┌──

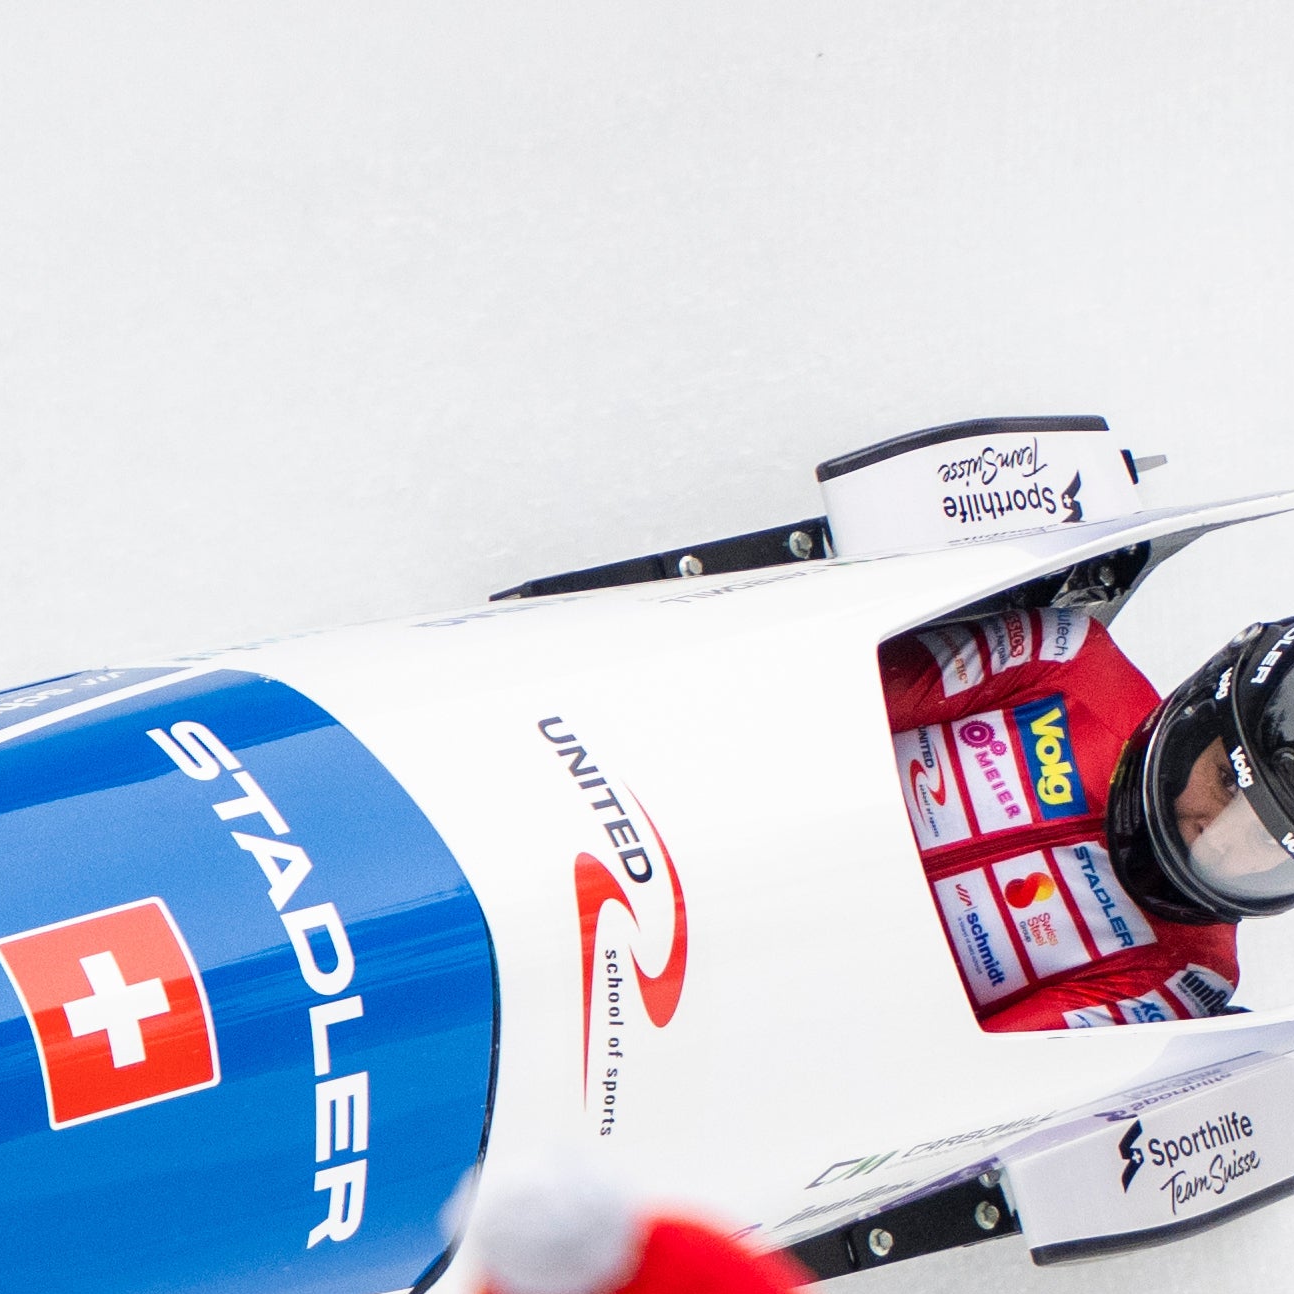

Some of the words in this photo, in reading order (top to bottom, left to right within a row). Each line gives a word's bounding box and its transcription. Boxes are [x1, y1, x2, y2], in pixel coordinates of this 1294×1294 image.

[943, 484, 1057, 523] Sporthilfe
[1215, 666, 1234, 700] Volg
[975, 751, 1021, 820] MEIER
[1030, 707, 1074, 806] Volg
[1230, 745, 1254, 789] Volg
[537, 715, 653, 884] UNITED
[1038, 912, 1059, 946] Swiss
[1073, 845, 1135, 948] STADLER
[966, 911, 1006, 987] schmidt
[1027, 916, 1046, 947] Steel
[146, 720, 371, 1249] STADLER
[604, 948, 624, 1027] school
[607, 1036, 624, 1059] of
[600, 1067, 619, 1138] sports
[1148, 1110, 1254, 1168] Sporthilfe

└──

The records above are to be restated word for word, with every picture left out.

▸ **Exercise output**:
Some of the words in this photo, in reading order (top to bottom, left to right within a row). Each line gives a word's bounding box and its transcription. Boxes are [x1, y1, x2, y2], in pixel coordinates of this 1294×1294 image.

[943, 484, 1057, 523] Sporthilfe
[1215, 666, 1234, 700] Volg
[975, 751, 1021, 820] MEIER
[1030, 707, 1074, 806] Volg
[1230, 745, 1254, 789] Volg
[537, 715, 653, 884] UNITED
[1038, 912, 1059, 946] Swiss
[1073, 845, 1135, 948] STADLER
[966, 911, 1006, 987] schmidt
[1027, 916, 1046, 947] Steel
[146, 720, 371, 1249] STADLER
[604, 948, 624, 1027] school
[607, 1036, 624, 1059] of
[600, 1067, 619, 1138] sports
[1148, 1110, 1254, 1168] Sporthilfe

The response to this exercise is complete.